La quarta sezione del Consiglio di Stato, con la sentenza n.5277/2018 pubblicata il 7 settembre, ha precisato che l’annullamento d'ufficio di un titolo edilizio, successivamente valutato come illegittimo, è possibile anche ad una distanza temporale considerevole dal titolo medesimo, ma deve essere adeguatamente motivato in relazione alla sussistenza di un interesse pubblico concreto e attuale, tenuto anche conto degli interessi dei privati coinvolti.
L’annullamento d’ufficio di un titolo edilizio è illegittimo se il Comune non ha dedicato alcun passaggio motivazionale alla possibilità, non implausibile, di annullare soltanto parzialmente i titoli edilizi rilasciati al fine di contemperare le contrapposte esigenze recando il minore sacrificio possibile alla posizione giuridica del privato.

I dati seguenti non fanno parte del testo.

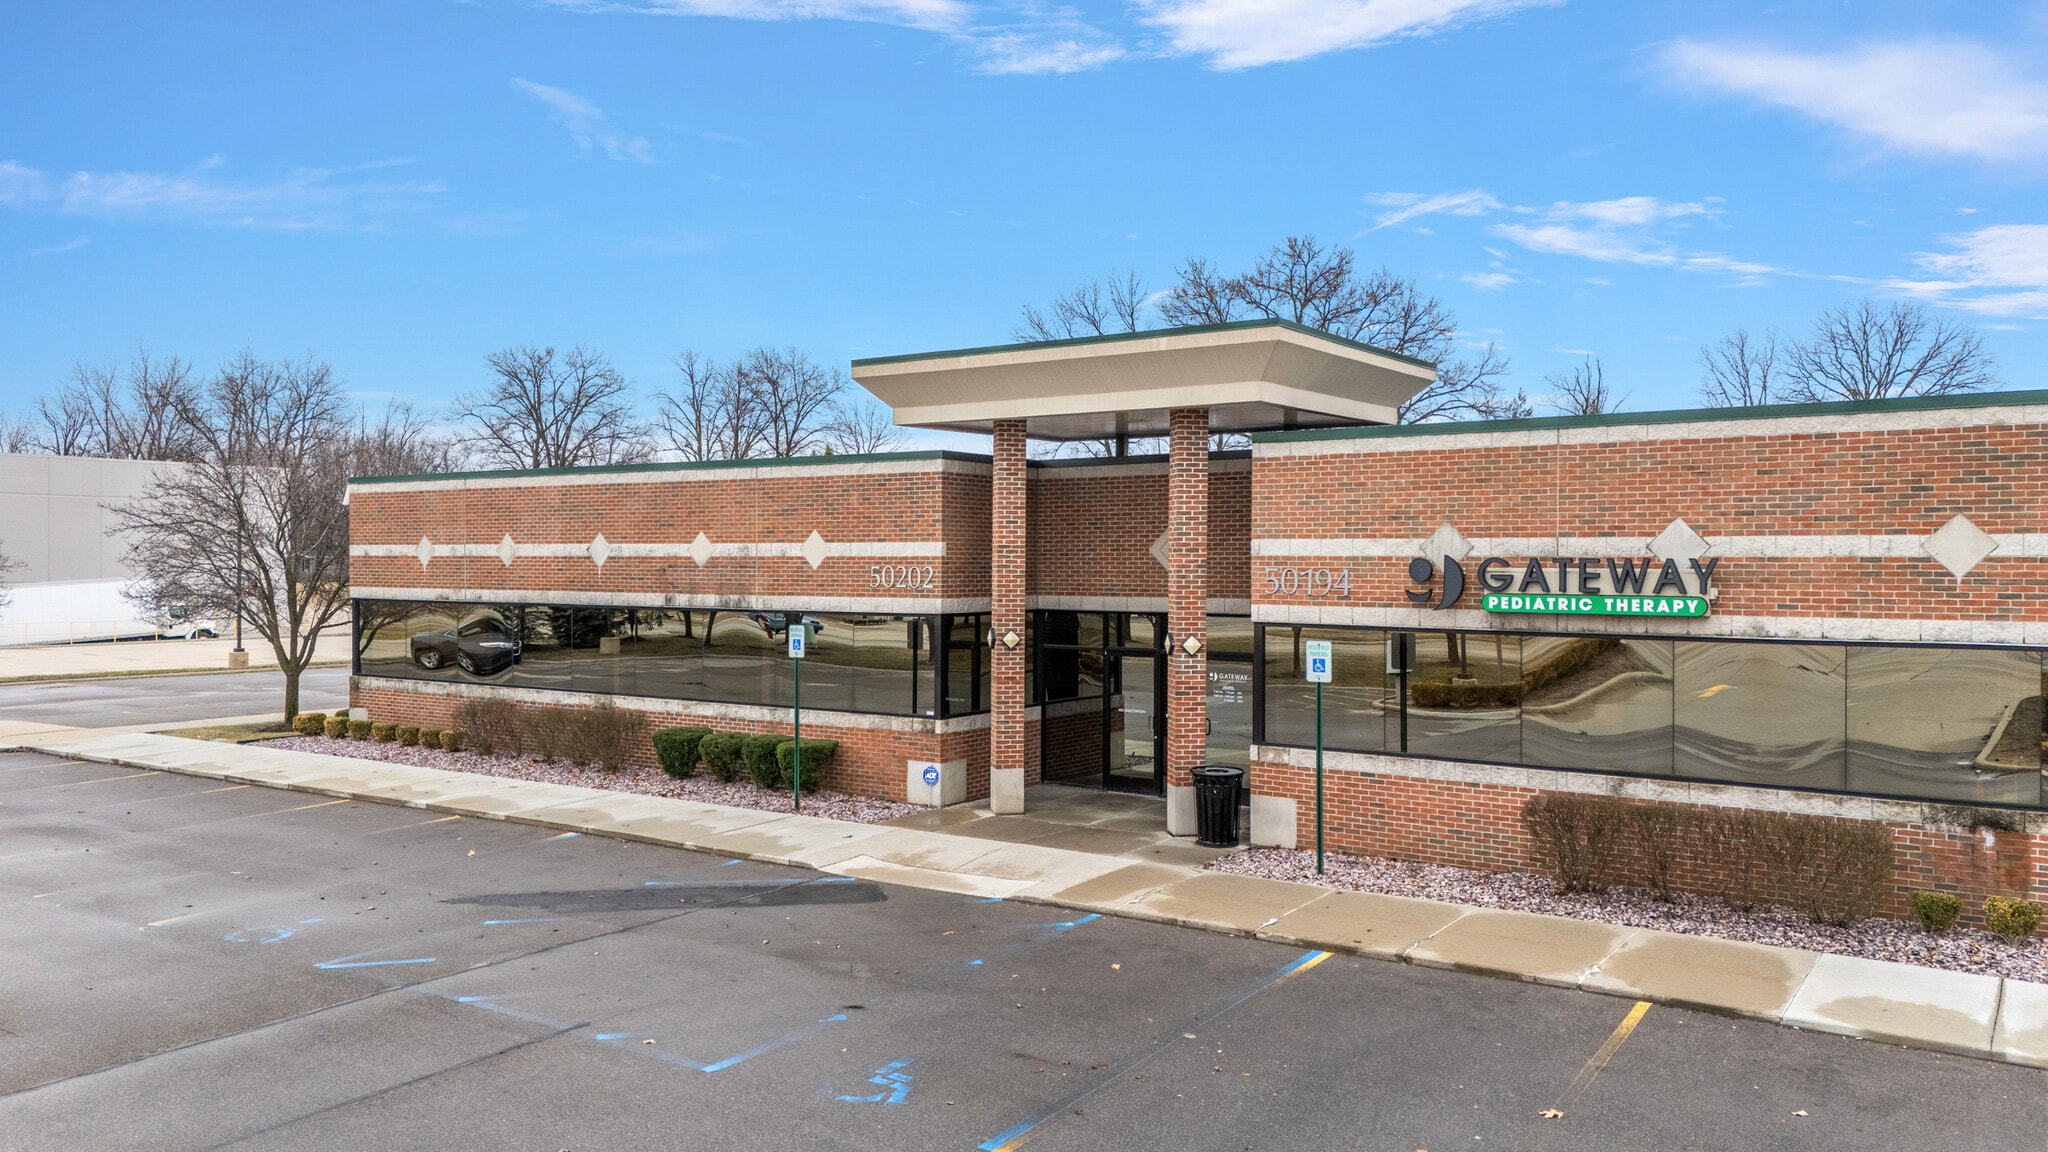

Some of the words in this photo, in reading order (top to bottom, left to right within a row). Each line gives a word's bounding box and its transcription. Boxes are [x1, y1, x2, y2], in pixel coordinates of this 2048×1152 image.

Palazzo Spada ricorda che presupposti dell'esercizio del potere di annullamento d'ufficio dei titoli edilizi sono costituiti dall'originaria illegittimità del provvedimento, dall'interesse pubblico concreto ed attuale alla sua rimozione (diverso dal mero ripristino della legalità violata), tenuto conto anche delle posizioni giuridiche soggettive consolidate in capo ai destinatari. L'esercizio del potere di autotutela è dunque espressione di una rilevante discrezionalità che non esime, tuttavia, l'Amministrazione dal dare conto, sia pure sinteticamente, della sussistenza dei menzionati presupposti e l'ambito di motivazione esigibile è integrato dall'allegazione del vizio che inficia il titolo edilizio, dovendosi tenere conto, per il resto, del particolare atteggiarsi dell'interesse pubblico in materia di tutela del territorio e dei valori che su di esso insistono, che possono indubbiamente essere prevalenti, se spiegati, rispetto a quelli contrapposti dei privati, nonché dall'eventuale negligenza o malafede del privato che ha indotto in errore l'Amministrazione.